Today I would like to introduce you to three pictures books featuring girls worth knowing. The three girls lived in different places and different times, but they all share one thing in common – a desire to imagine, create, and change their world. (I receive free books to review all the time and only share a small percentage of them with my readers. These three are very good!)
These are three very different books about three very different girls all with one desire – to understand the world and make it a better place. Enjoy and happy reading!
Ada’s Ideas – The Story of Ada Lovelace, the World’s First Computer Programmer
Ada’s Ideas introduced me to someone completely new from history. Ada Lovelace was the daughter of Lord Byron (famous poet) and Anna Isabella Milbanke (a mathematician and member of society).
Milbanke left Byron when Ada was a month old due to Byron’s reckless ways so Ada never knew her father. But she inherited from him a great imagination. And from her mother she inherited a mathematical mind. When put together, Ada Lovelace was a creative, inventive young woman.
The book takes the reader through Ada’s life from the the time she is born to her friendship with Charles Babbage (engineer, mathematician and inventor) to her work that resulted in becoming the world’s first computer programmer (nearly a hundred years before people actually created computers). It includes her childhood learning, her marriage, and the thought processes behind her discoveries.
The book is creatively illustrated with a design style that pops off the page. (It could be a wonderful launching point for paper crafts with children.)
This would be a great book to tie in with STEM/STEAM, history, or biographies. It could open up many discussions about what life was like for women in the past when they were expected to marry well. It also could lead to discussions about how while parents might think they “know” what is best for their child, it’s hard to keep the child’s true passion from coming out.
Ada Twist, Scientist
Coincidentally, the next book is also about an Ada! Ada Twist, Scientist is set in the present and is the fictional tale of a little girl named Ada who doesn’t talk until she is three, but when she does – oh my! All she asks is, “Why?” She needs to know about everything. And she gets into (and on to) everything.
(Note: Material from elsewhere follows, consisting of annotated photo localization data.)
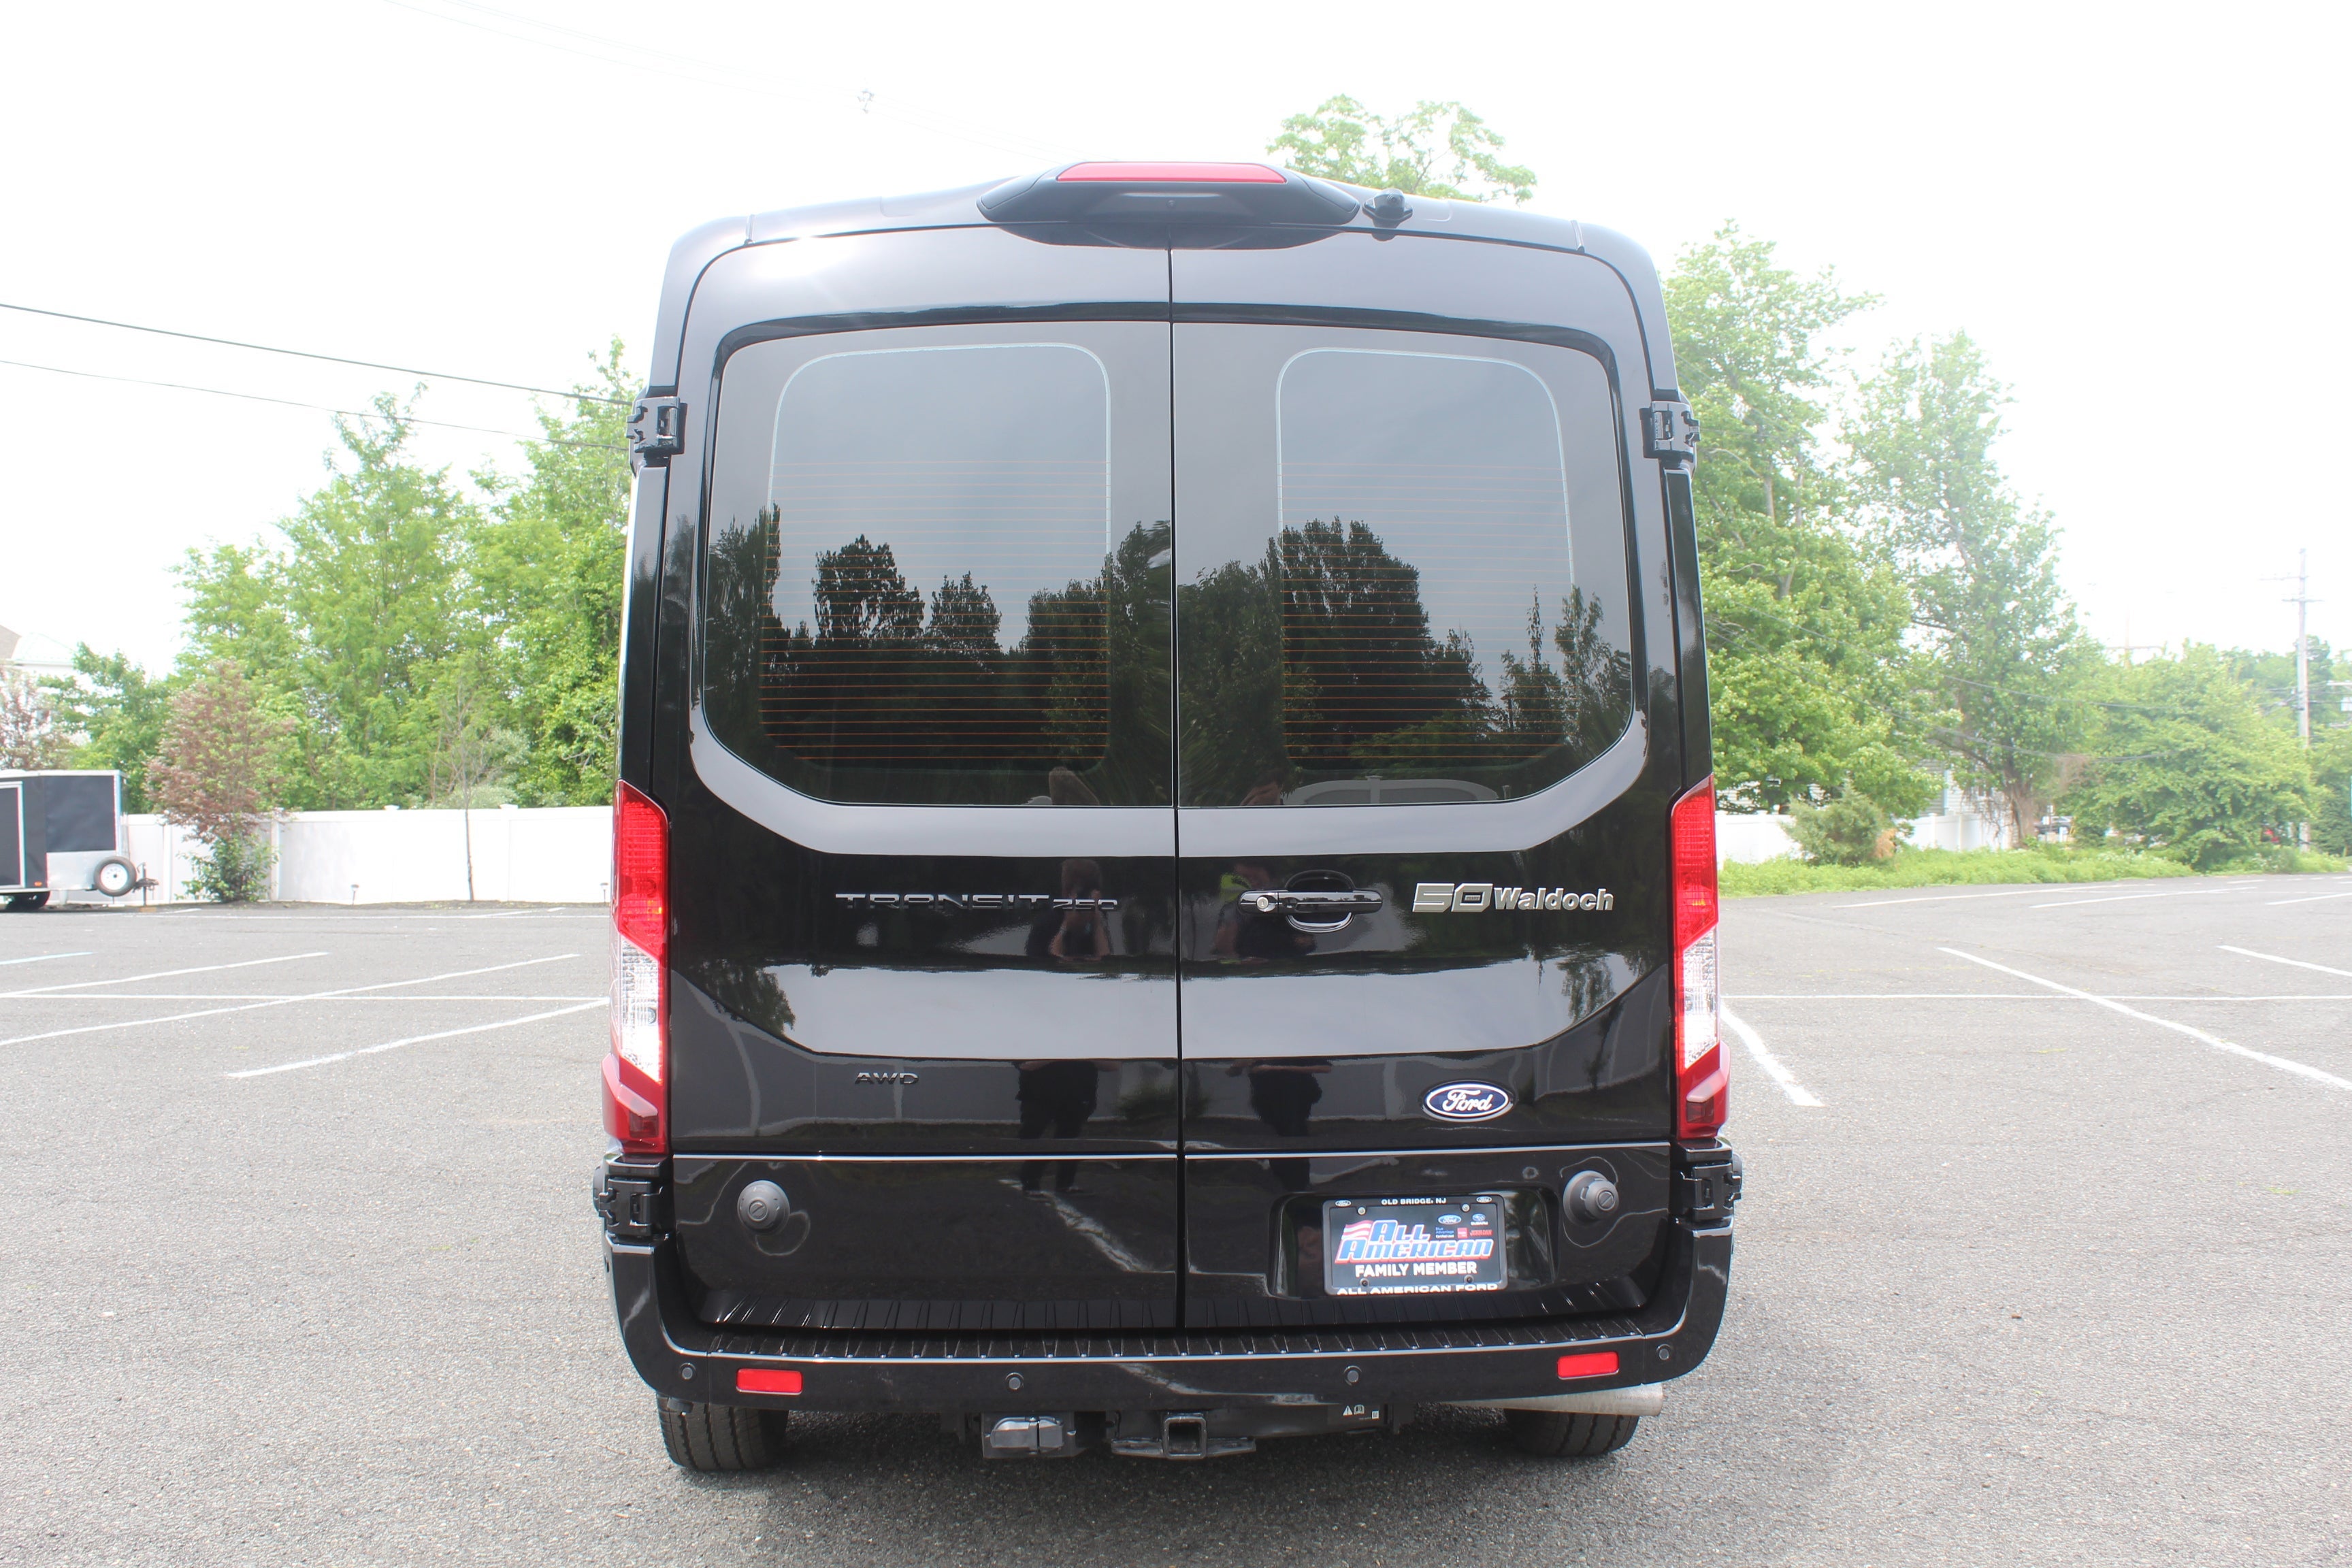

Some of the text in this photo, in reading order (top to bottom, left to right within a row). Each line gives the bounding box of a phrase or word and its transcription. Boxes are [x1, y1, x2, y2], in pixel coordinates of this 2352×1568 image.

[835, 893, 1118, 910] TRANSIT 250
[1412, 883, 1614, 913] 50 Waldoch
[855, 1073, 919, 1084] AWD
[1442, 1089, 1493, 1111] Ford
[1355, 1261, 1477, 1277] FAMILY MEMBER
[1337, 1283, 1499, 1296] ALL AMERICAN FORD
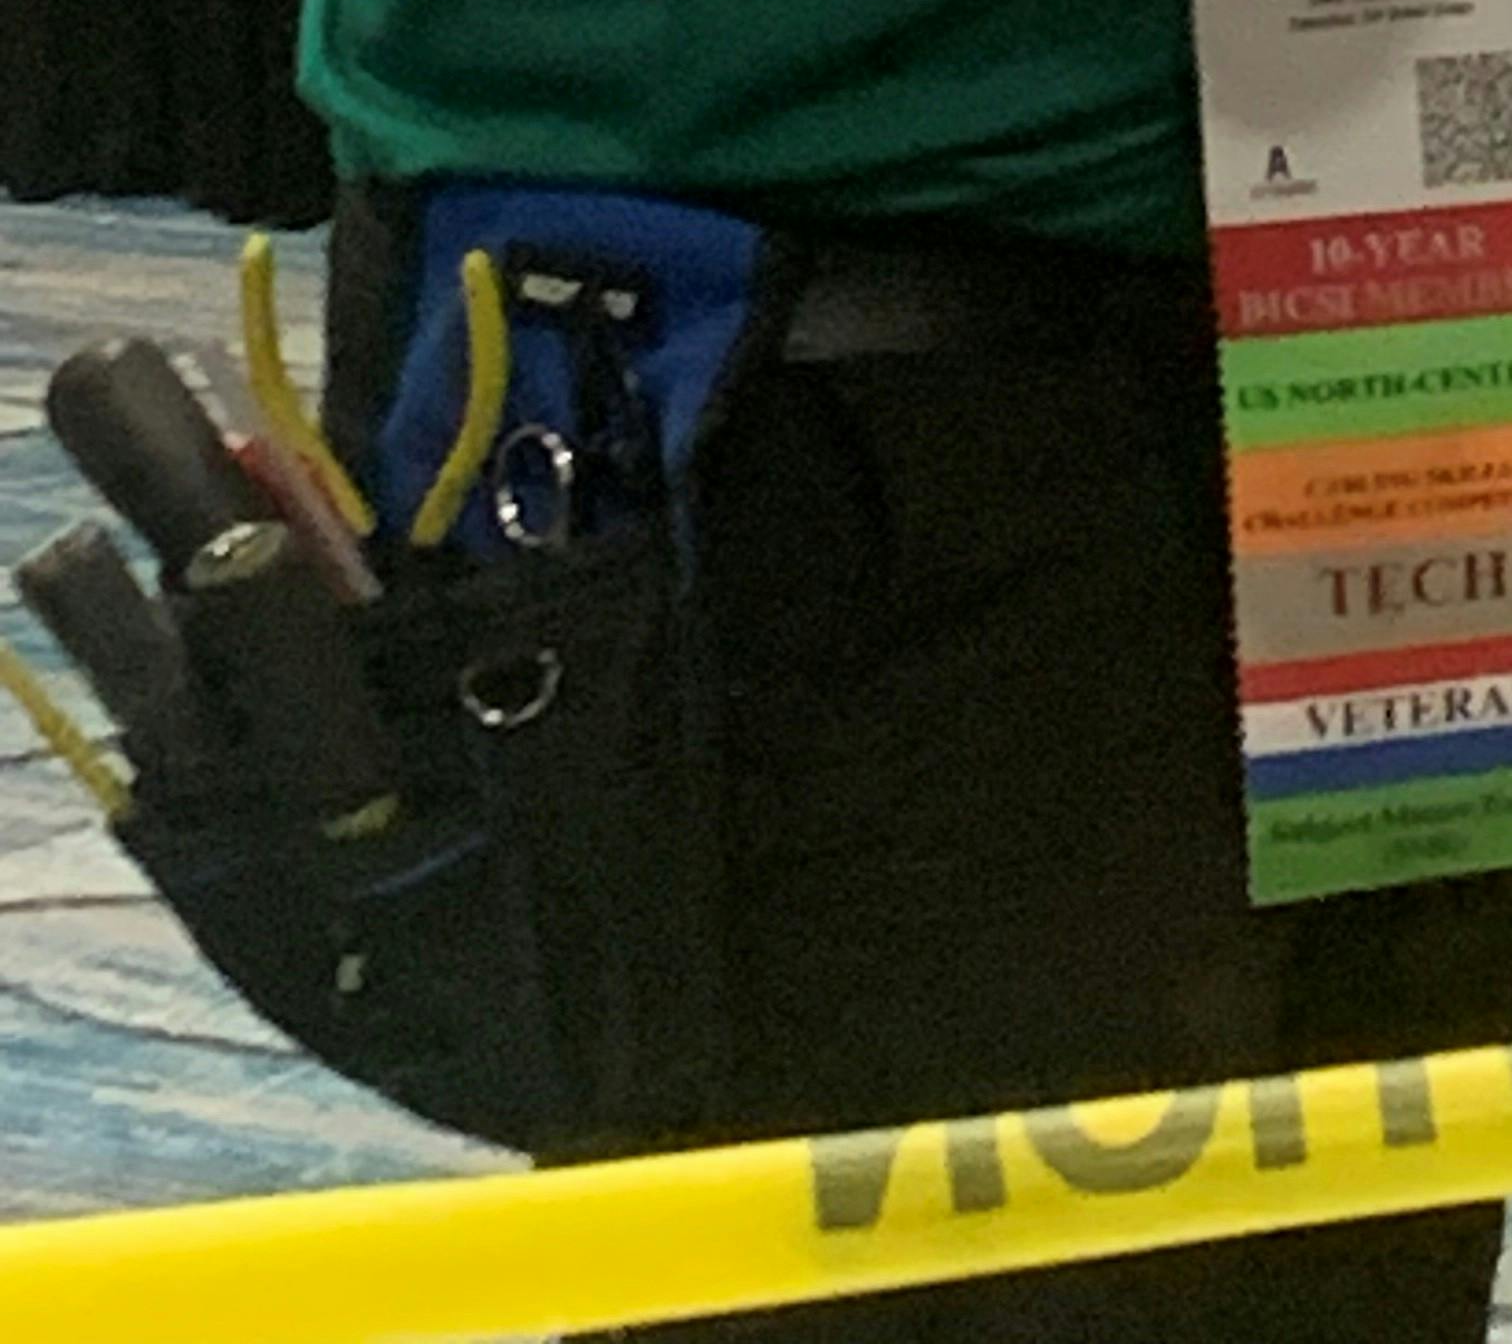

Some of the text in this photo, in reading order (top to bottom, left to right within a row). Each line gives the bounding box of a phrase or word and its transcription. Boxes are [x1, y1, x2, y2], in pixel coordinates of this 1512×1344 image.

[1238, 284, 1354, 329] BICSI
[1238, 383, 1279, 412] US
[1320, 551, 1508, 617] TECH
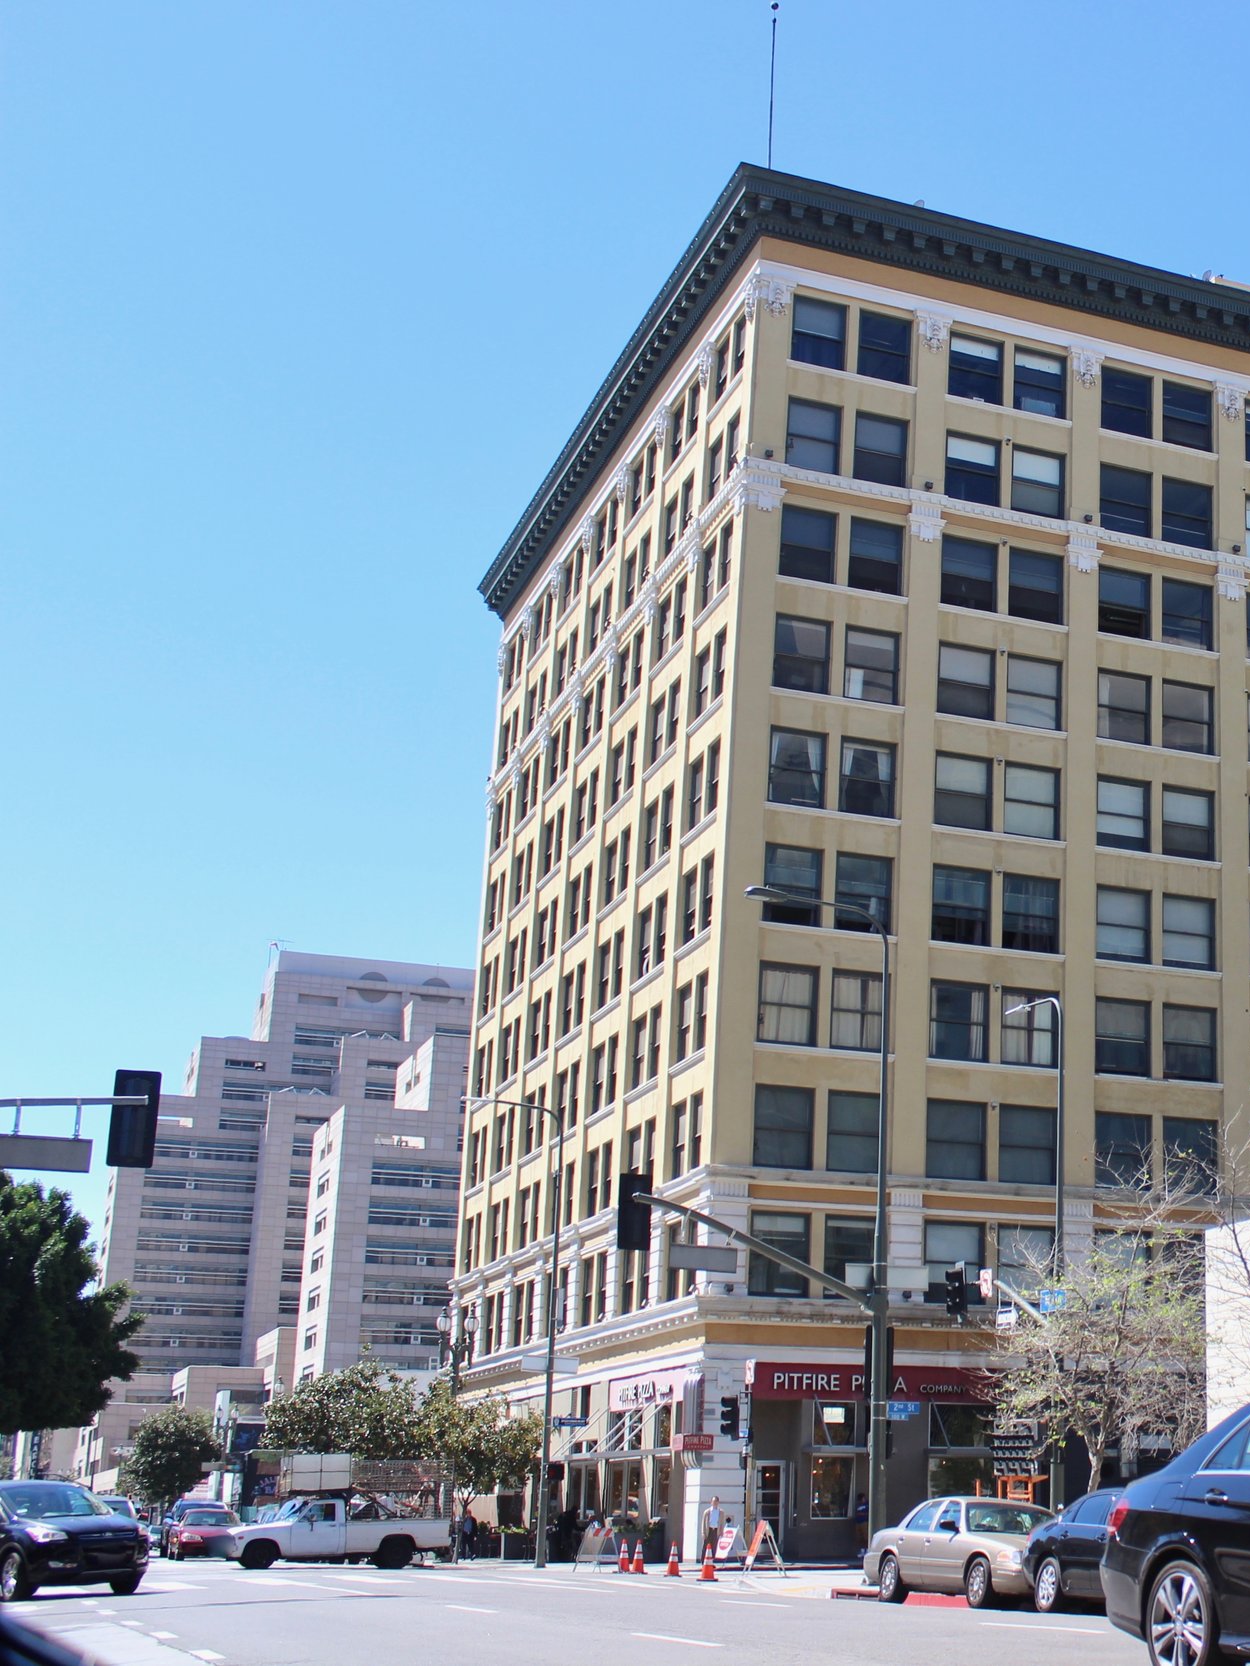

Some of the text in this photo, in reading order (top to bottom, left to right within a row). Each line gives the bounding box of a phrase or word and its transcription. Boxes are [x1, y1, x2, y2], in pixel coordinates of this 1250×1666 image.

[638, 1380, 655, 1398] PIZZA
[773, 1372, 967, 1394] PITFIRE PIA COMPANY
[893, 1402, 915, 1412] 2nd St
This is a great book about a little girl who fits the gifted/2e profile to a tee. She’s inquisitive to the point making her parents frustrated, frazzled and mad, but who are committed to figuring her out. While I was reading the story, I kept thinking that this is the life that so many parents are living and it’s great to see it in a picture book.
The one caveat I have with this book is I don’t like how her parents handled it when they finally blew their top at one point. I think it is realistic, but it’s at odds a bit with my own parenting philosophy so I feel compelled to point that out. Otherwise, it’s a great book. If you have a gifted/2e child, get the book and read it. You’re not alone. LOL!
Diana’s White House Garden
Diana’s White House Garden is based on the true story of a little girl who lived in the White House during World War 2. Her father was President Roosevelt’s chief advisor so Diana enjoyed life (and pulling pranks) in the White House.
Diana wants to help the war effort and when President Roosevelt suggests the idea of what would become Victory Gardens, she knows she has found a way to help. With Eleanor Roosevelt, she plants the first garden on the White House lawn. She helps tend it and is even featured in the paper for her hard work that inspires many others to grow their own Victory Gardens.
This is a sweet and gentle book that would fit well with a study of history, biographies, girls in history, or character traits (perseverance, determination, helpfulness, etc.). There are lengthy author notes at the end that give more information about the real Diana as well as a photo Diana with the First Lady.